Había cumplido con su cometido. La venganza se había producido. 282

CIII FEBRERO DE 1991. COMISARIA DE POLICIA DE PEDLETON PLACE. 10.15 DE LA MAÑANA. La actividad de la comisaría de Pedleton Place, esa gélida mañana de febrero, era la normal de cualquier día, excepto por un detalle que había producido bastante alteración. La ausencia del jefe de policía Frost, desde hacía algo más de dos días. Les resultaba extraño que se hubiera ausentado de su puesto de trabajo por un simple resfriado, versión dada por él mediante una llamada telefónica. No lo había hecho en los años que llevaba allí. La gente estaba muy sorprendida. Pero, como todo misterio, tuvo su final cuando la Srta. Dobson le vio aparecer por la puerta de la comisaría. - ¡Buenos días, jefe! Celebro verle ¿Qué tal su resfriado? – preguntó con mucha amabilidad y entusiasmo. - Muy bien, Emily. Gracias por su interés. – contestó, con el humor de siempre, Frost. - Me alegro. Iggleton tiene cosas pendientes para usted. - Ahora no puedo hablar con Iggleton. Voy a tomarme un café al lugar de Maté. Volveré en quince minutos. – dijo con el ceño fruncido. Al verle marchar, la Srta. Dobson se mantuvo erguida pero sospechando que algo le había sucedido al jefe, aunque, ni por el forro, se le ocurriría preguntarle al simpático de Frost por ello. Prefería seguir manteniendo las distancias con su jefe, lo cual le había funcionado muy bien con él.

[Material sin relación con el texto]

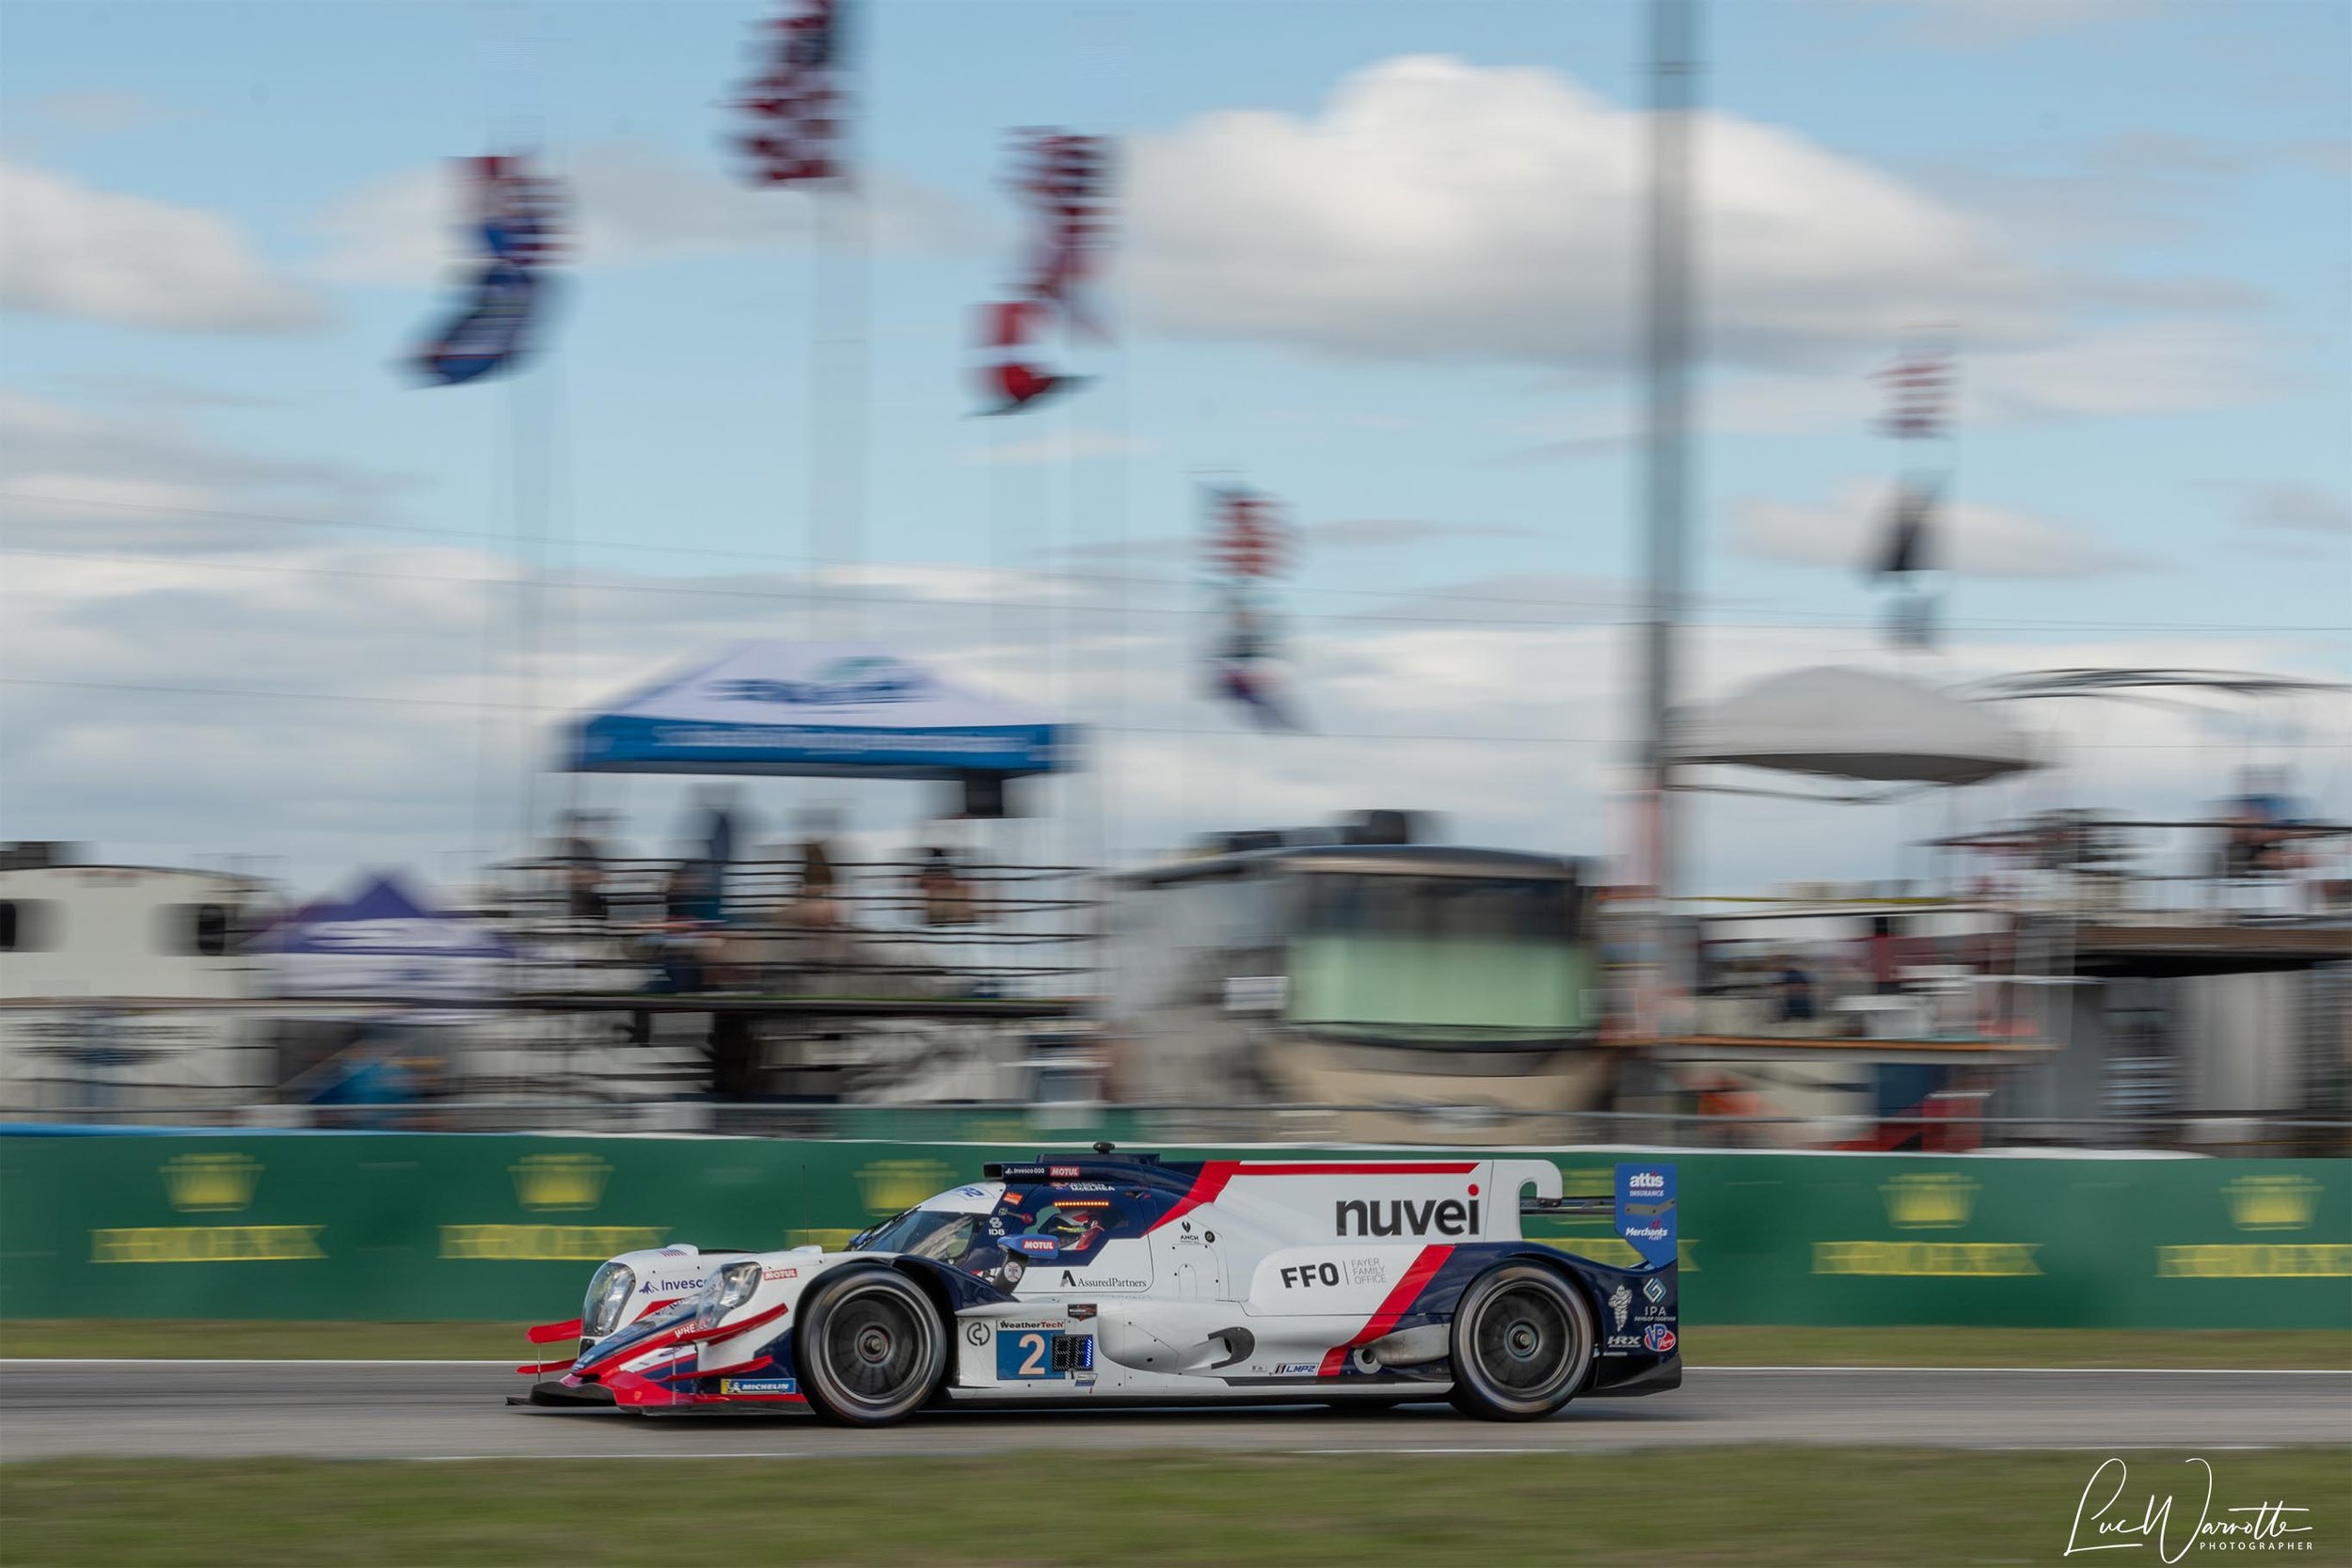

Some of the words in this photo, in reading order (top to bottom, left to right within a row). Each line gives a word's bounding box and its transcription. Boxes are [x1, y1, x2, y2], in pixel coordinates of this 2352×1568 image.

[1051, 1167, 1079, 1176] MOTUL
[1629, 1171, 1664, 1188] attis
[1336, 1183, 1480, 1237] nuvei
[1625, 1227, 1669, 1237] Merchants
[1024, 1241, 1055, 1250] MOTUL
[1351, 1258, 1380, 1268] FAYER
[765, 1270, 796, 1280] MOTUL
[1279, 1261, 1340, 1289] FFO
[1353, 1266, 1386, 1276] FAMILY
[1077, 1277, 1147, 1288] AssuredPartners
[1354, 1275, 1387, 1285] OFFICE
[660, 1279, 707, 1292] Invesc
[1645, 1306, 1667, 1316] IPA
[999, 1320, 1065, 1329] WeatherTech
[1018, 1333, 1045, 1375] 2

Mientras Dobson volvía a su trabajo habitual, Iggleton bajó, en ese momento, por las escaleras, deteniéndose en el mostrador. - Emily, cuando llegue el comisario, dile que tengo que hablar con él. - Ya ha llegado – respondió la Dobson. tecleando algo en su máquina de escribir – Ha salido a tomar café al bar de Maté. - ¿A tomar café al bar de Maté? ¿Le has notado si aún tenía fiebre? Creo que es la primera vez que pisa la cafetería de ese idiota. En fin, esperemos que le siente bien y venga de mejor humor – comentó sonriendo Iggleton – La policía federal quiere hablar con él desde hace dos días. - Algo le sucede – dijo Dobson, mientras seguía tecleando. - ¿Qué quieres decir? – preguntó el ayudante. La Srta. Dobson dejó de escribir a máquina y miró a la puerta de la comisaría. Tras un leve suspiro, se dispuso a contestar.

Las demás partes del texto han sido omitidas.